Read about the rape culture in Africa

‘Let’s Fight Trafficking’ resulted from a 29 hours coding marathon tagged #Hackathon4Justice organised in Lagos between March 22 and 23, 2019. This was a United Nations Office on Drug and Crime (UNODC) funded project in partnership with Facebook and Africa TeenGeeks. The aim project was to spark creativity in young people while promoting their coding capabilities. According to the Outreach and Communication Officer, United Nations Office on Drug and Crime (UNODC), Mr Sylvester Atere, the winners of the competition are expected to participate in the Global #Hackathon4Justice event, scheduled to take place in August 2019 at the Google Headquarters in Silicon Valley, California, United States. Speaking of which, this is a very practical example of the famous saying ‘killing two birds with one stone’.

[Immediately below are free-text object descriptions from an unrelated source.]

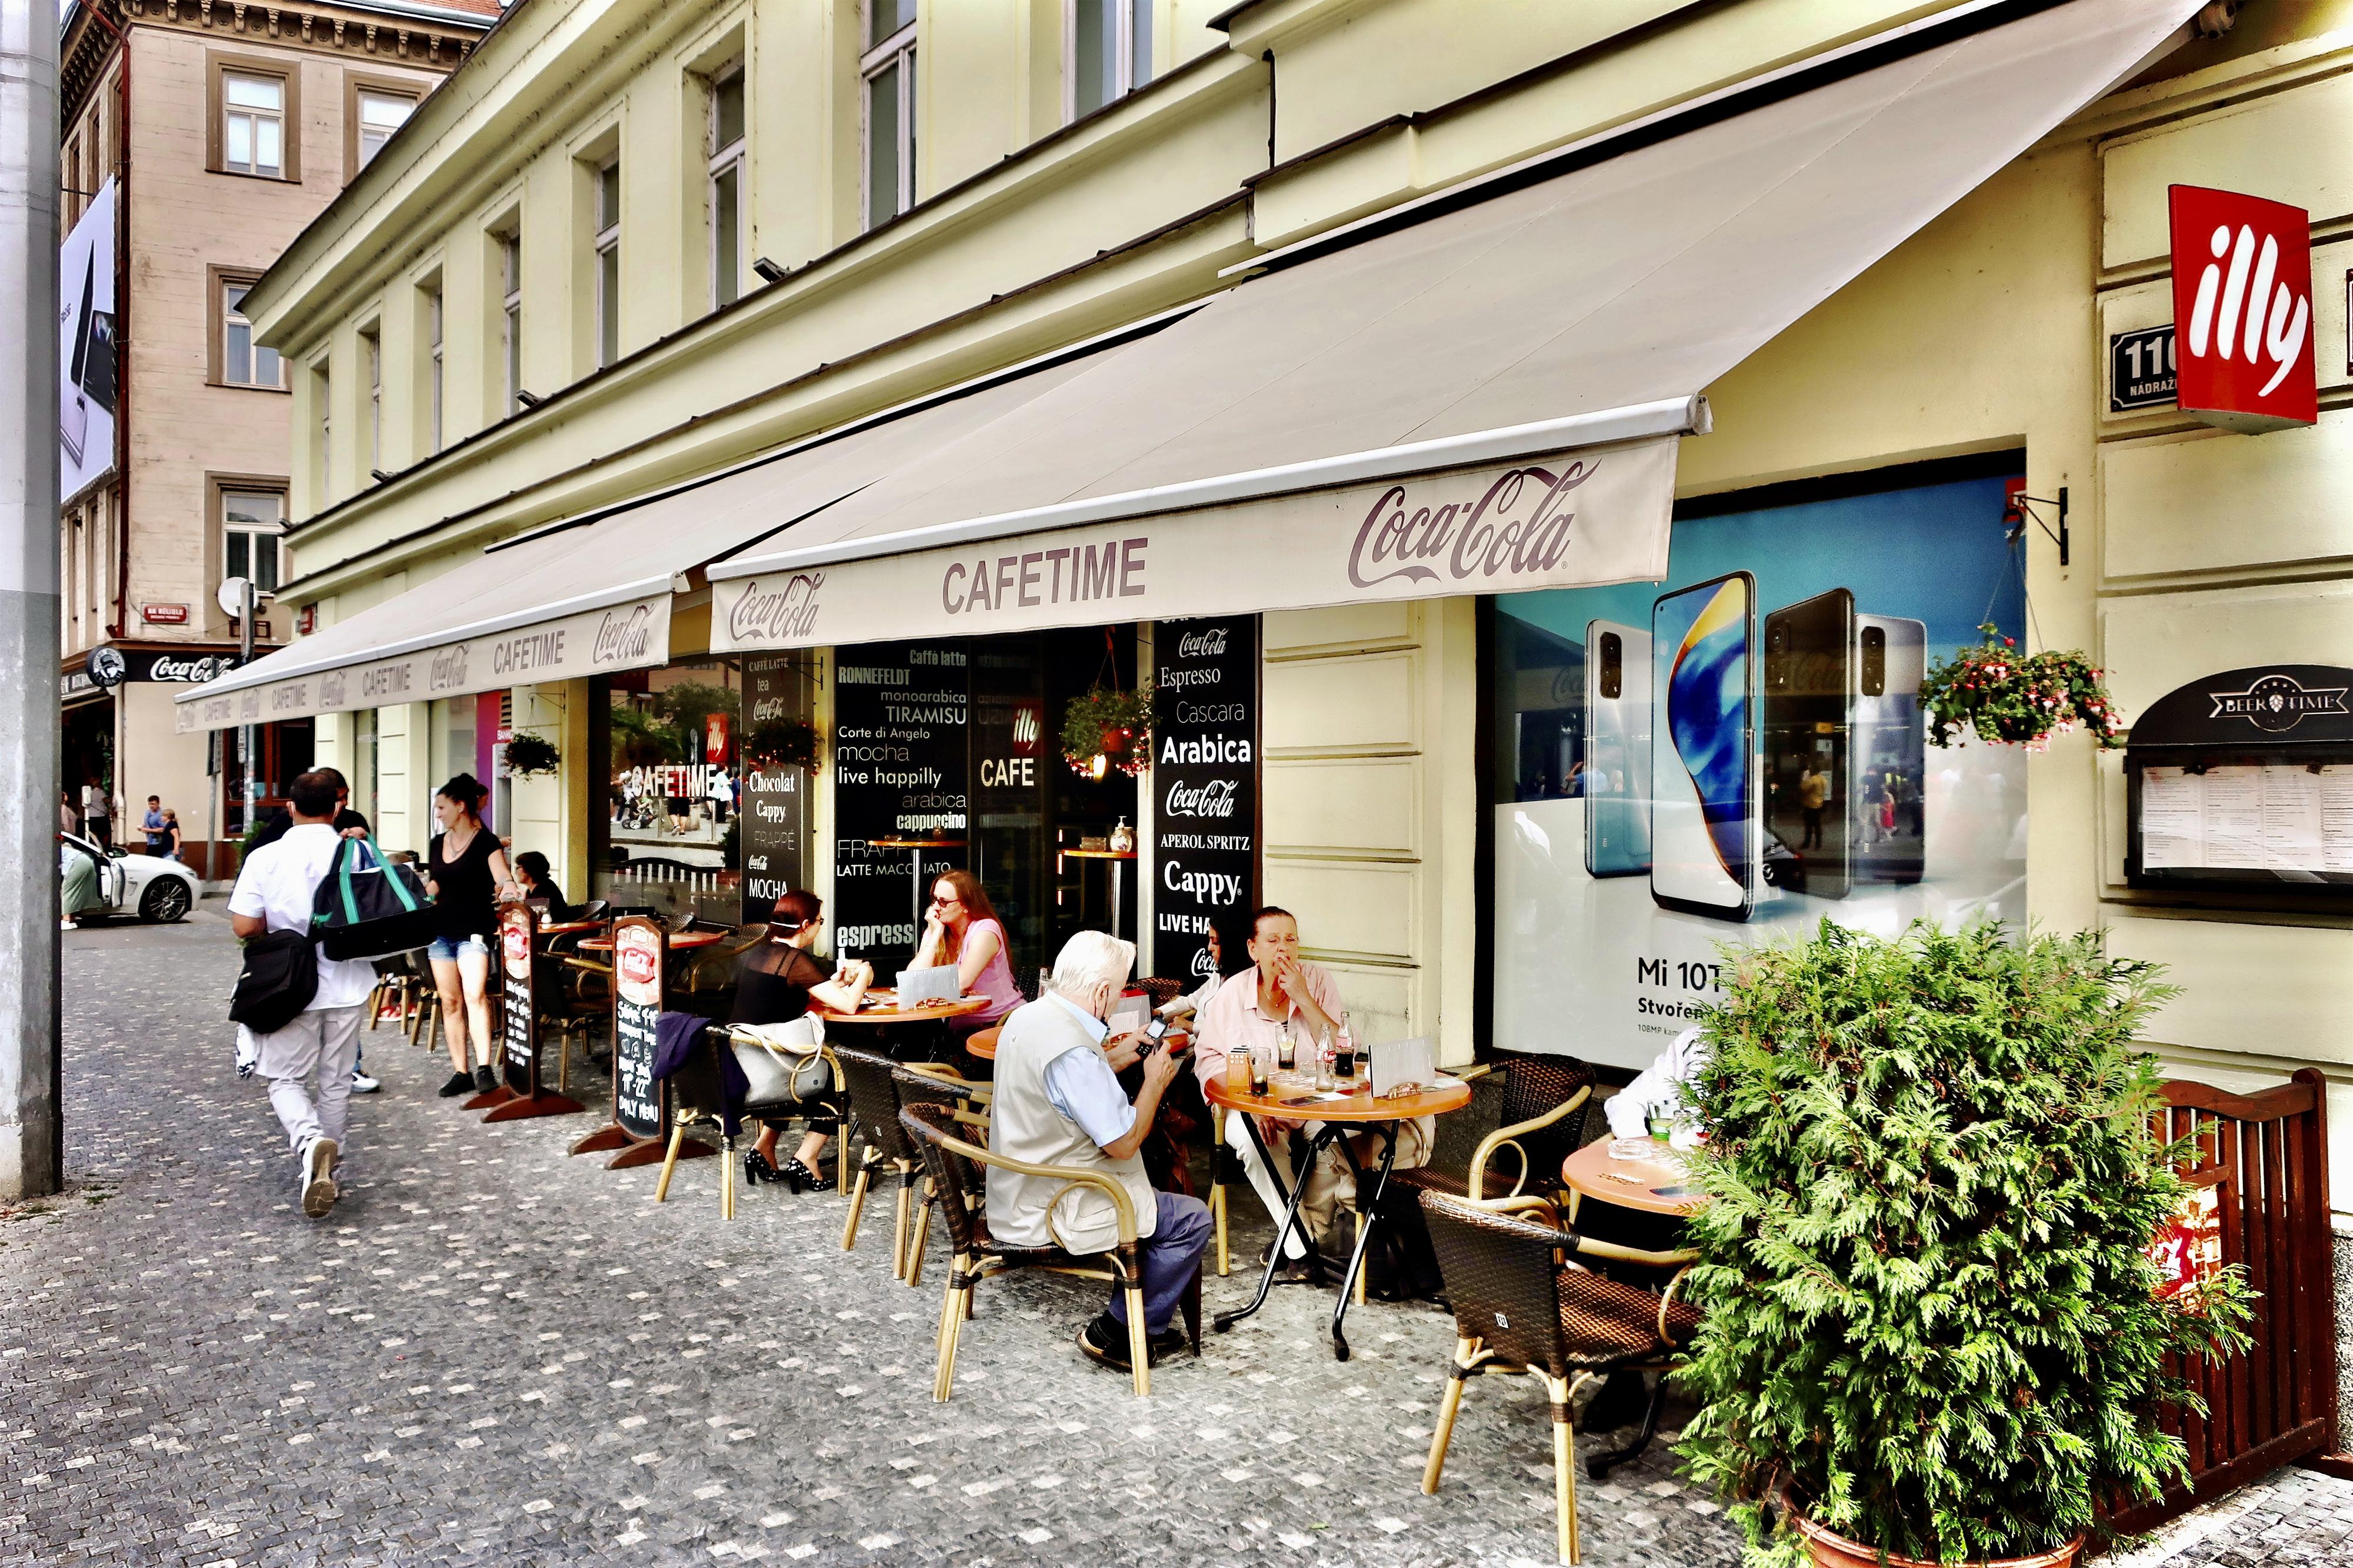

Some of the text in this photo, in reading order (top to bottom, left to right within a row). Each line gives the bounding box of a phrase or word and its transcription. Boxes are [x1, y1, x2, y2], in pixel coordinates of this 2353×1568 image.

[2189, 224, 2308, 397] illy
[1348, 457, 1602, 588] Coca-Cola
[942, 538, 1148, 614] CAFETIME
[729, 572, 826, 641] Coca-Cola
[493, 630, 565, 675] CAFETIME
[768, 657, 788, 669] LATTE
[910, 649, 938, 665] Caffè
[941, 650, 966, 666] latte
[362, 663, 411, 696] CAFETIME
[757, 678, 769, 692] tea
[838, 666, 910, 685] RONNEFELDT
[1161, 667, 1221, 692] Espresso
[881, 689, 966, 703] monoarabica
[2226, 695, 2334, 712] BEER TIME
[885, 706, 966, 725] TIRAMISU
[1176, 701, 1244, 723] Cascara
[838, 726, 930, 741] Corte di Angelo
[1014, 708, 1040, 750] illy
[838, 743, 909, 761] mocha
[1161, 733, 1251, 764] Arabica
[631, 764, 717, 798] CAFETIME
[749, 772, 795, 792] Chocolat
[839, 766, 941, 789] live happilly
[981, 758, 1034, 786] CAFE
[902, 792, 966, 808] arabica
[1166, 780, 1239, 817] Coca-Cola
[756, 800, 786, 823] Cappy
[896, 812, 966, 832] cappuccino
[755, 829, 794, 850] FRAPPÉ
[838, 839, 914, 858] FRAPP
[1161, 834, 1250, 850] APEROL SPRITZ
[836, 862, 951, 876] LATTE MACCIATO
[749, 878, 787, 899] MOCHA
[1164, 860, 1241, 905] Cappy
[1159, 913, 1189, 933] LIVE
[1638, 957, 1722, 993] Mi 10T
[1638, 1024, 1662, 1034] 108MP
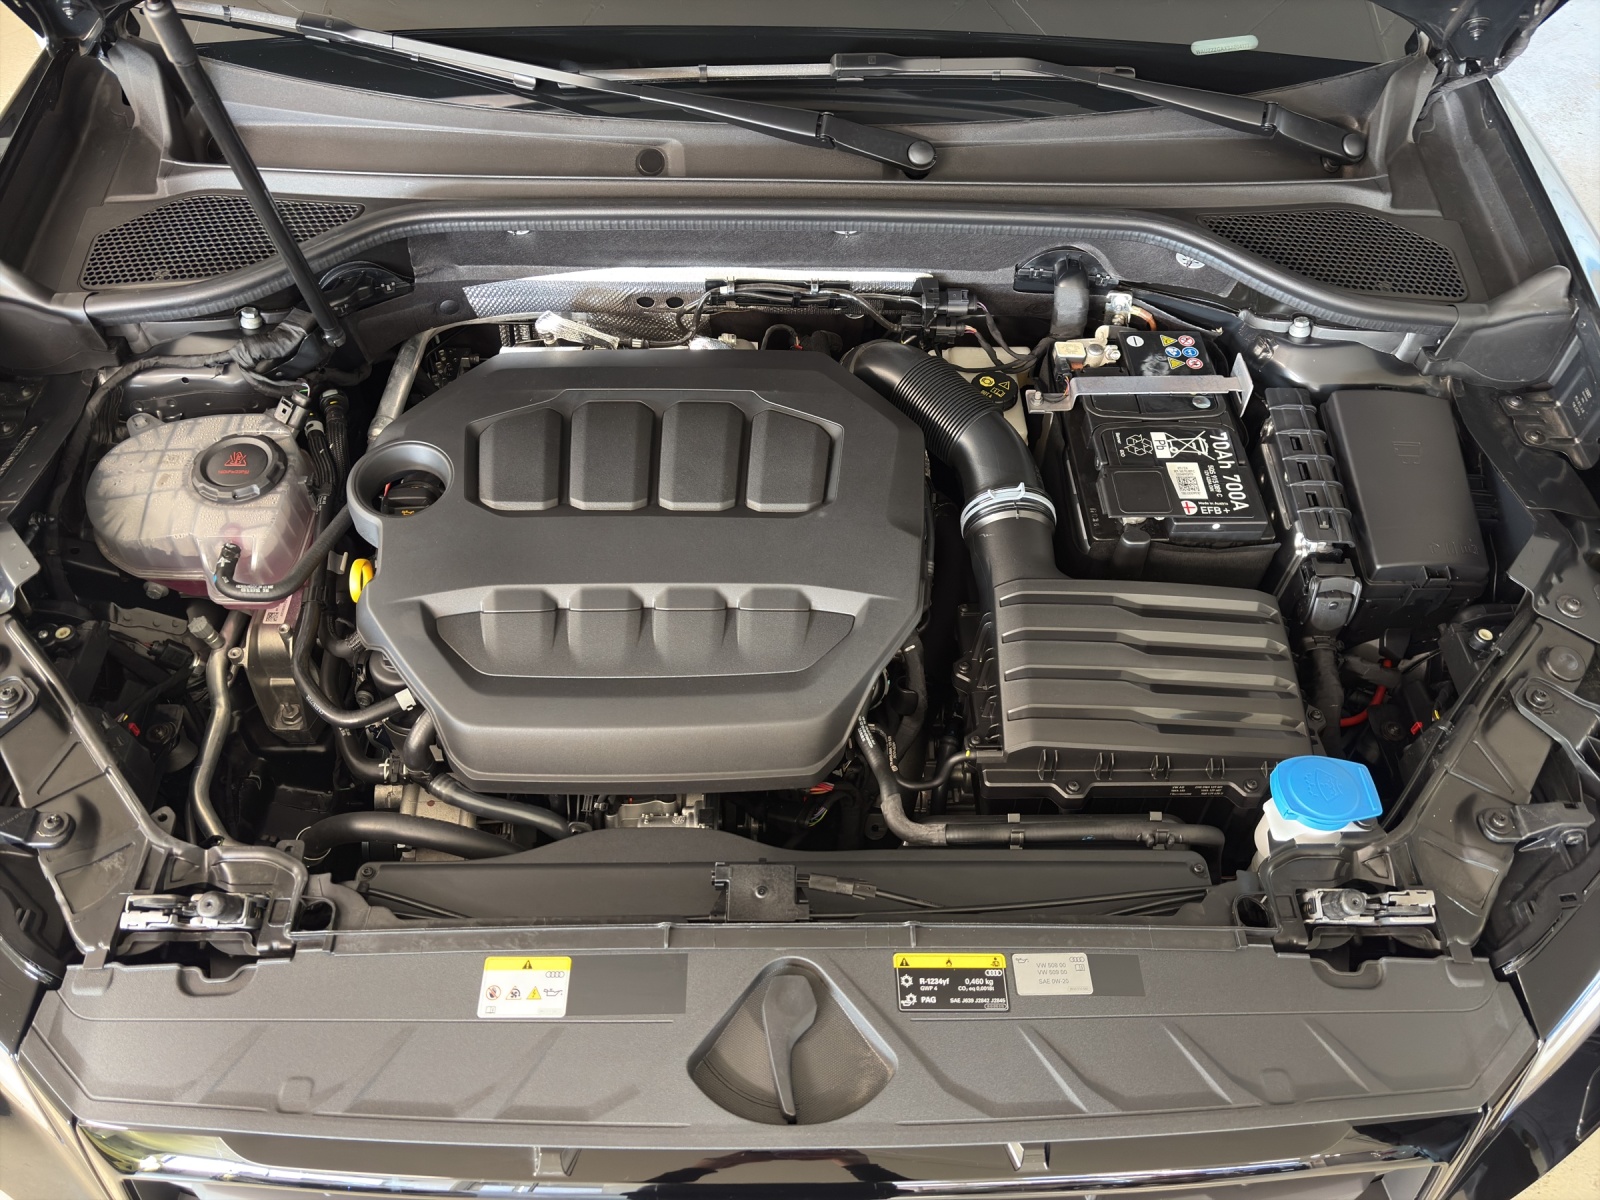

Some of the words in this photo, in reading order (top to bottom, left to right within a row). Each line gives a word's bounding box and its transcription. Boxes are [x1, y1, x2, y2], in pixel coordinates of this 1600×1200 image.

Despite the great potential of this product, it important to note that the product on its own. cannot do the work effectively. The government must provide a supportive system to assist such innovative ideas locally. For instance, increasing literacy levels through proper education: one cannot communicate effectively with people who can’t read or write. Also, provide better network services, better internet connectivity as well as make communication devices like mobile/smart phones readily and easily accessible to the people mostly in rural areas, which are highly targeted by traffickers. Nevertheless, when technology meets innovative minds, with a yearning for positive change, magic is bound to happen. Many young Africans aka the Millennials, are using what they know best, technology, to recreate the plots of the African story that has been profusely stained by the reincarnation of its grievous past, the transatlantic slave trade.